Mi diede un bacio sulla fronte e mi annunciò che la colazione era pronta e che l’orco se ne era già andato.
Incoraggiato da quest’ultima notizia, provai ad alzarmi dal letto.
Subito non ci riuscii a causa dei dolori sparsi per tutto il corpo che mi ricordavano la sera precedente.
Nonostante questo però, volevo passare un po’ di tempo con mia madre quindi scesi dal letto soffocando un grido.
Ci riuscii.
Mi avviai verso la cucina con parecchio appetito e fui contento quando vidi che in tavola c’era la mia colazione preferita: pane, latte e frutta.

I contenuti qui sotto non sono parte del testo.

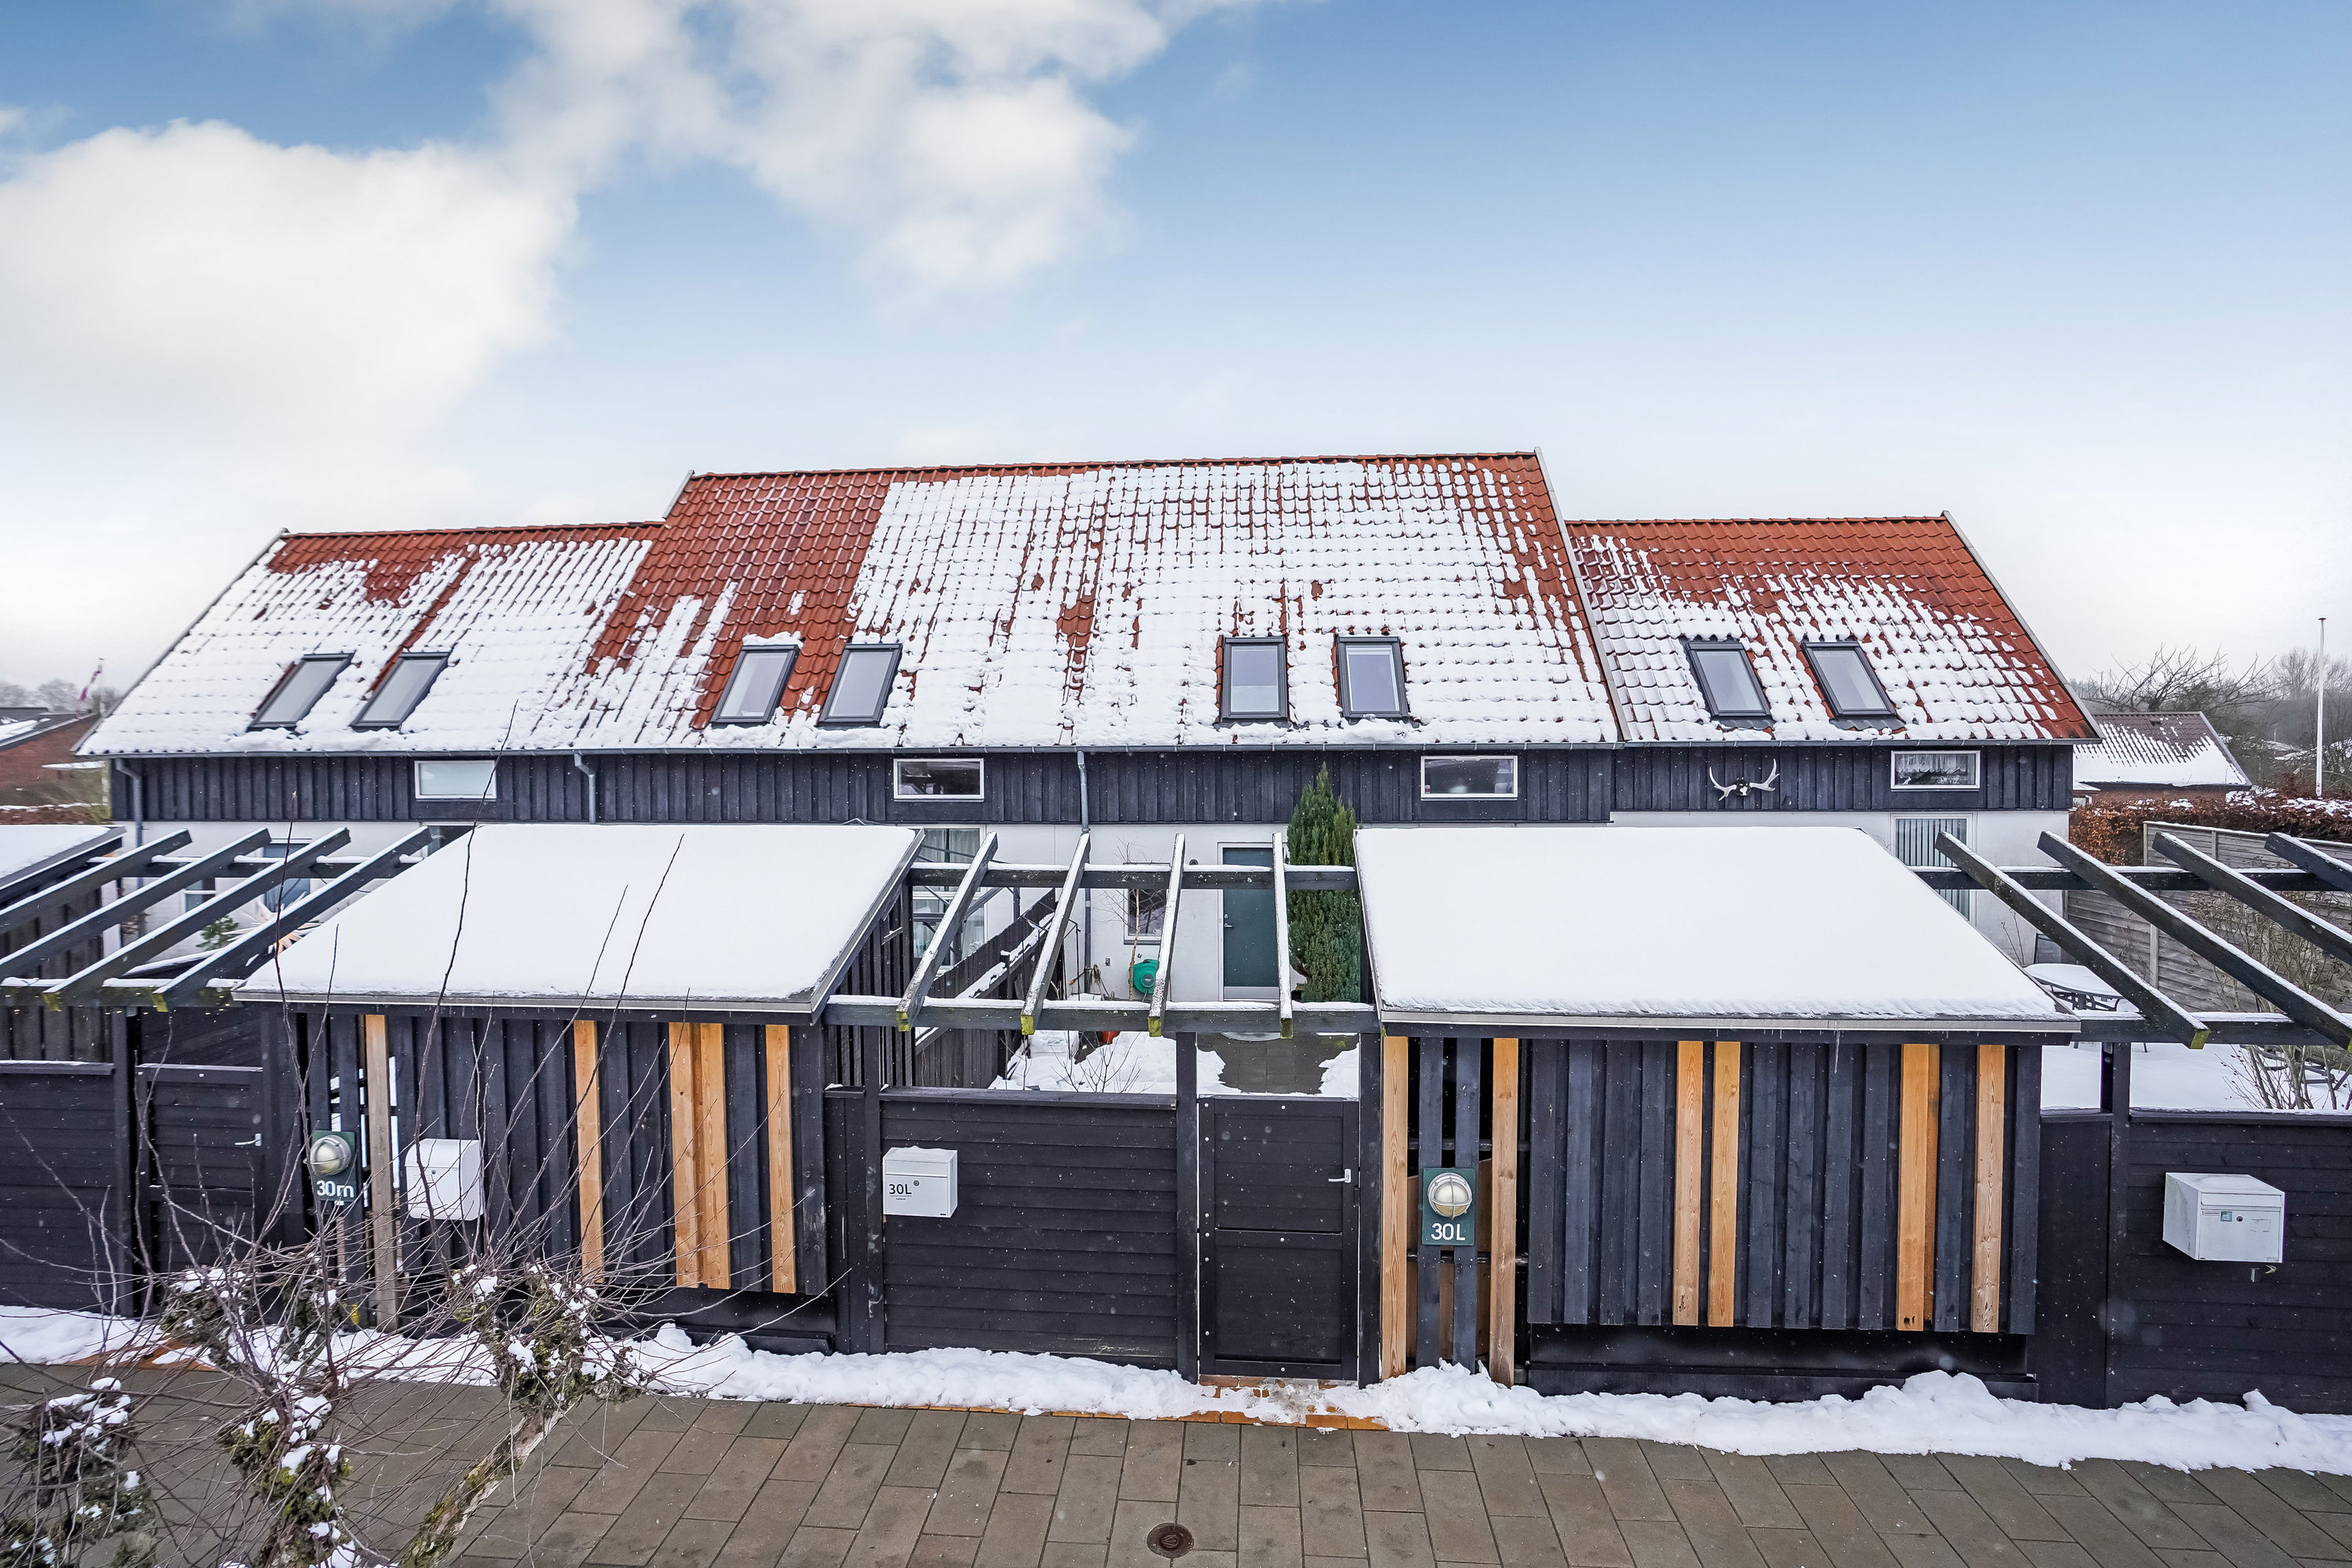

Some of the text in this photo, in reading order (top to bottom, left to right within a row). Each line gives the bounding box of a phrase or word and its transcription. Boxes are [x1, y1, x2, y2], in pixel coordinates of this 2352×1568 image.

[316, 1180, 355, 1198] 30m
[888, 1184, 912, 1195] 30L
[1431, 1222, 1466, 1240] 30L

Decisi che era quello il momento giusto per affrontare di nuovo il discorso lasciato a metà poche ore prima.

 - Mamma io sono molto convinto di quello che ti ho detto ieri.
Mia madre mi guardò dritto negli occhi, con la stessa emozione dipinta in volto. La delusione.
- Figliolo, sai benissimo in che situazione siamo. So che sei abbastanza grande e intelligente per capirlo. Per me sarebbe una cosa bellissima se tu potessi realizzare questo grande sogno che hai, però ecco….la vedo difficile. Inoltre, tuo padre non approva per niente, non crede che tu sia all’altezza di certe ambizioni. Io non credo questo, io penso semplicemente che non puoi perché la vita ti ha messo in un ambiente che fa in modo che tu non possa farlo. Credo in te ma non credo in questa esistenza che stiamo vivendo.
Mi si riempirono gli occhi di lacrime. Pensavo che mia madre avrebbe capito i miei desideri e che mi avrebbe rassicurato che ce l’avrei fatta.
Invece no. Ero stato abbandonato anche da lei.
Mangiai svogliatamente, in silenzio, non proferii parola per tutta la colazione.
Finito di mangiare, mi alzai dal tavolo, mi diressi verso la porta, salutai distrattamente mia madre e uscii: ero deciso a fare ciò che avevo sempre fatto da qualche giorno a quella parte: andare dal musicista all’angolo, ascoltarlo e sognare.